I found MARS ATTACKS! rather humorous, except for Jack Nicholson, who should have been kept to one cameo rather than two. Although I have to agree about the degree of grotesque suitable for good horror--which, for the most part, is difficult to generate. MA's level of grotesque seemed to work for me. Maybe it had to do with peculiar memories of Famous Monsters magazine and those Aurora model sets that were banned after being on the market for about a year (back in the late 60's or early 70's). Burton's grotesque best had to be BATMAN RETURNS.

The cameos were less distrating to MA's kitsch than they were in George Stevens' THE GREATEST STORY EVER TOLD. Jamie Farr as an apostle. Claude Rains as Herod the Great. Pat Boone as an angel. John Wayne as a Centurian. Sheesh! Killed a visually impressive film.
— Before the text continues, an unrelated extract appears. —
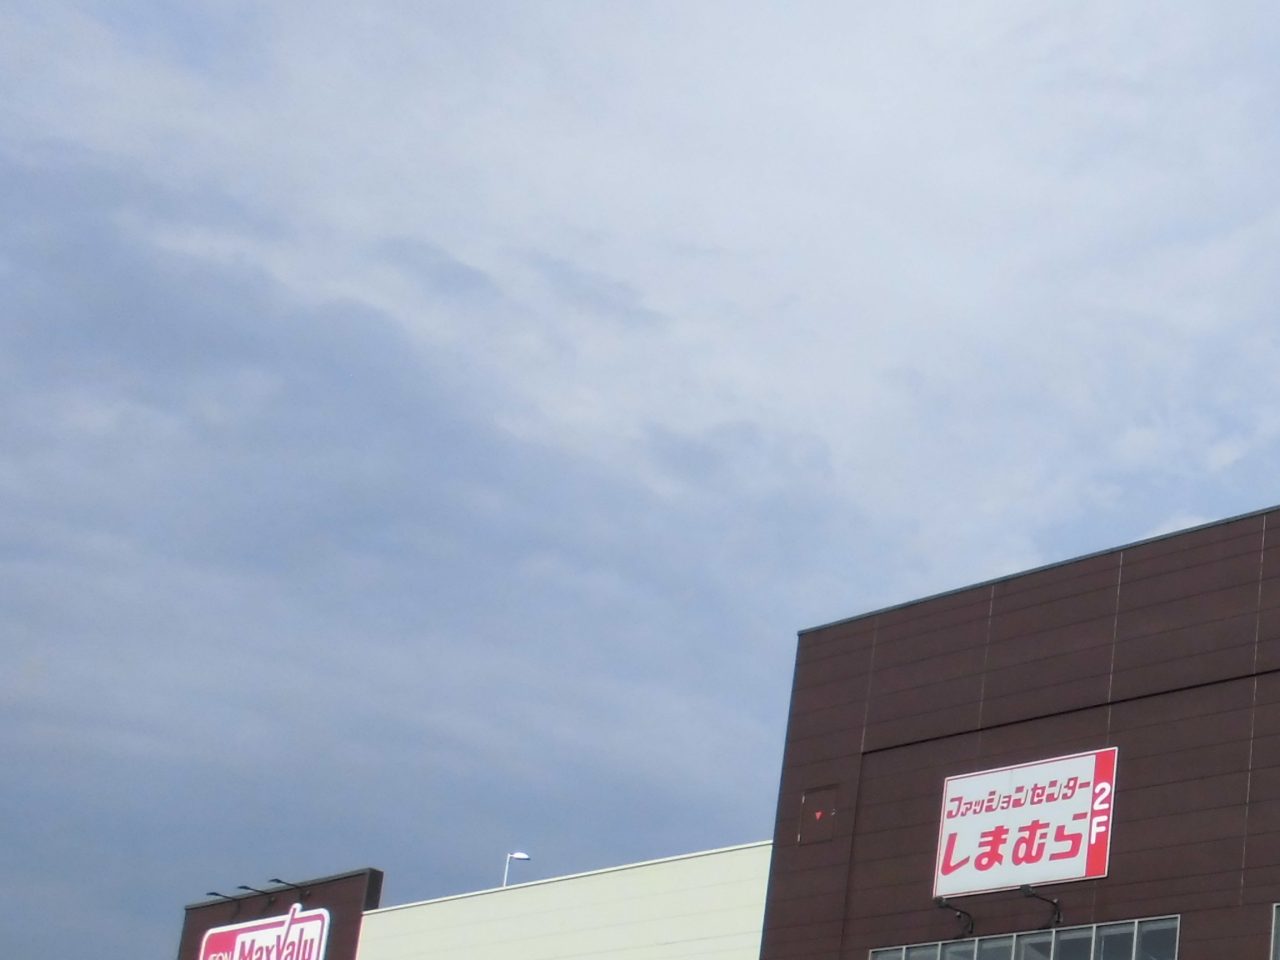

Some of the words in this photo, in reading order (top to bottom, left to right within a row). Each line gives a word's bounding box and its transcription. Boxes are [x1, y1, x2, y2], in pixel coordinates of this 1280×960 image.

By Anatomist1 on Sunday, April 29, 2001 - 02:15 am: Edit

Yeah, I gotta learn to throttle back on knocking the other guy's merchandise. In this case, it's one of those "pathology of minor differences" things. As a fellow worker in the field of grotesquerie, I find Burton galling. SLEEPY HOLLOW just cemented it for me. He should have topped out at art director or assistant director. As captain of the ship, he's a disaster at least half the time. Vision problem. His work is better when it has a humorous element, but his over-the-top style doesn't seem capable of the subtlety required for horror or the kind of dark adventure it appears he would like to make. Come to think of it, MARS ATTACKS was also ruined by lack of vision. It would have been absolutely hilarious if the gags weren't repeatedly being interrupted by one inane star cameo after another. Someone should re-edit a shorter, funny version and leave the People Magazine bits on the cutting room floor.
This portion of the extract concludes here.